Highlights & Insights¶
- Isolation verification outperforms Confidence/Consistency: Confirms the necessity of the decompose-then-check strategy.
- Plug-and-play + training-free: Can be applied to any description model, including closed-source GPT-4V.
- Dual evaluation of Factuality × Coverage: Systematically decouples and evaluates these two dimensions for the first time.
- Revelation of VQA benchmark limitations: Strong performance of an MLLM on VQA does not imply superior description ability.
Limitations & Future Work¶
- Factuality improvement is accompanied by a slight decrease in coverage (conservative corrections lead to information loss).
- Relies on the MLLM's own visual understanding capabilities to check for hallucinations.
- The quality of the LLM decomposer affects the final results.

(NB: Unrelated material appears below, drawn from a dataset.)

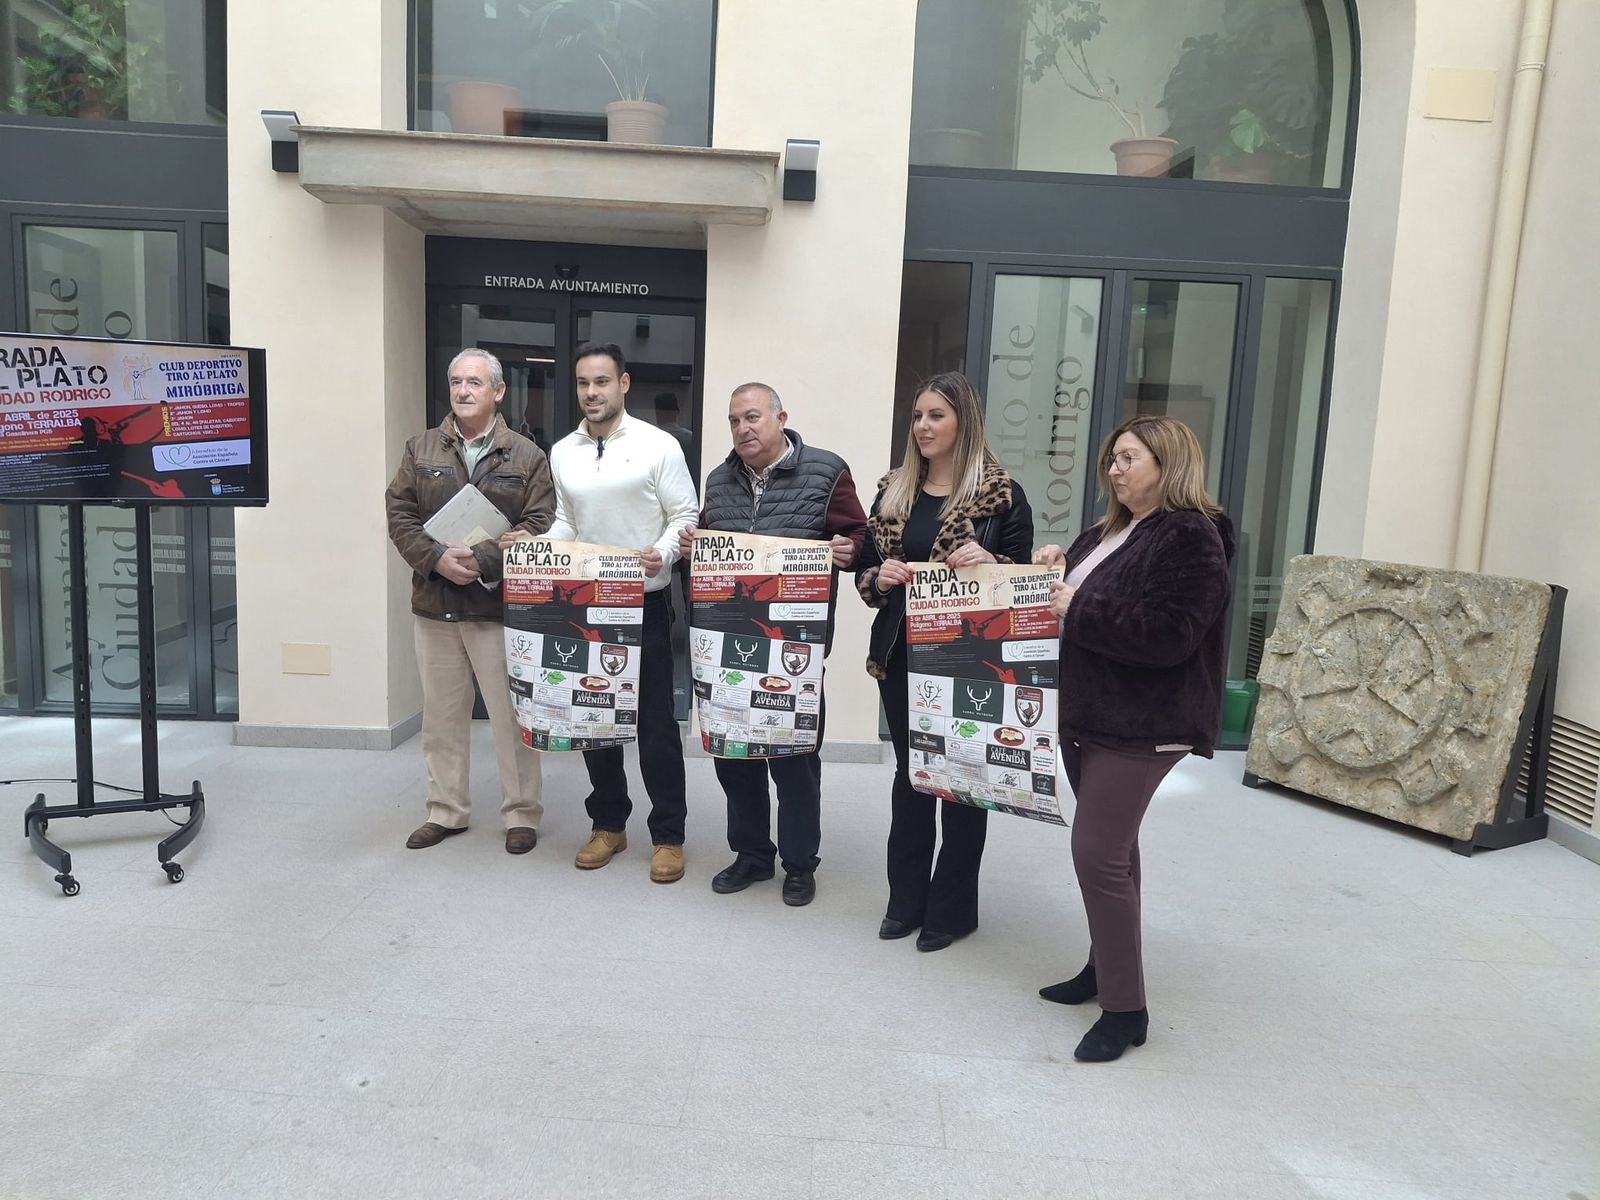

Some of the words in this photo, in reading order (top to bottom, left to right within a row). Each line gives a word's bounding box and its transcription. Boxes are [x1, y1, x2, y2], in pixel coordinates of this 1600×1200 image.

- Hyperparameter \(\pi\) controls the trade-off between factuality and coverage.
Related Work & Insights¶
- Decoding methods (VCD, OPERA)
- Training methods (LRV)
- Correction methods (LURE, Volcano)
- Evaluation methods (CLIPScore, CLAIR, ALOHa, FaithScore)
Rating¶
⭐⭐⭐⭐ — Precise problem formulation (failure of long-sequence hallucination detection), and a well-designed evaluation framework. The CapMAS method is intuitive and highly effective. The dual-dimensional evaluation and the revelation of VQA benchmark limitations possess independent value.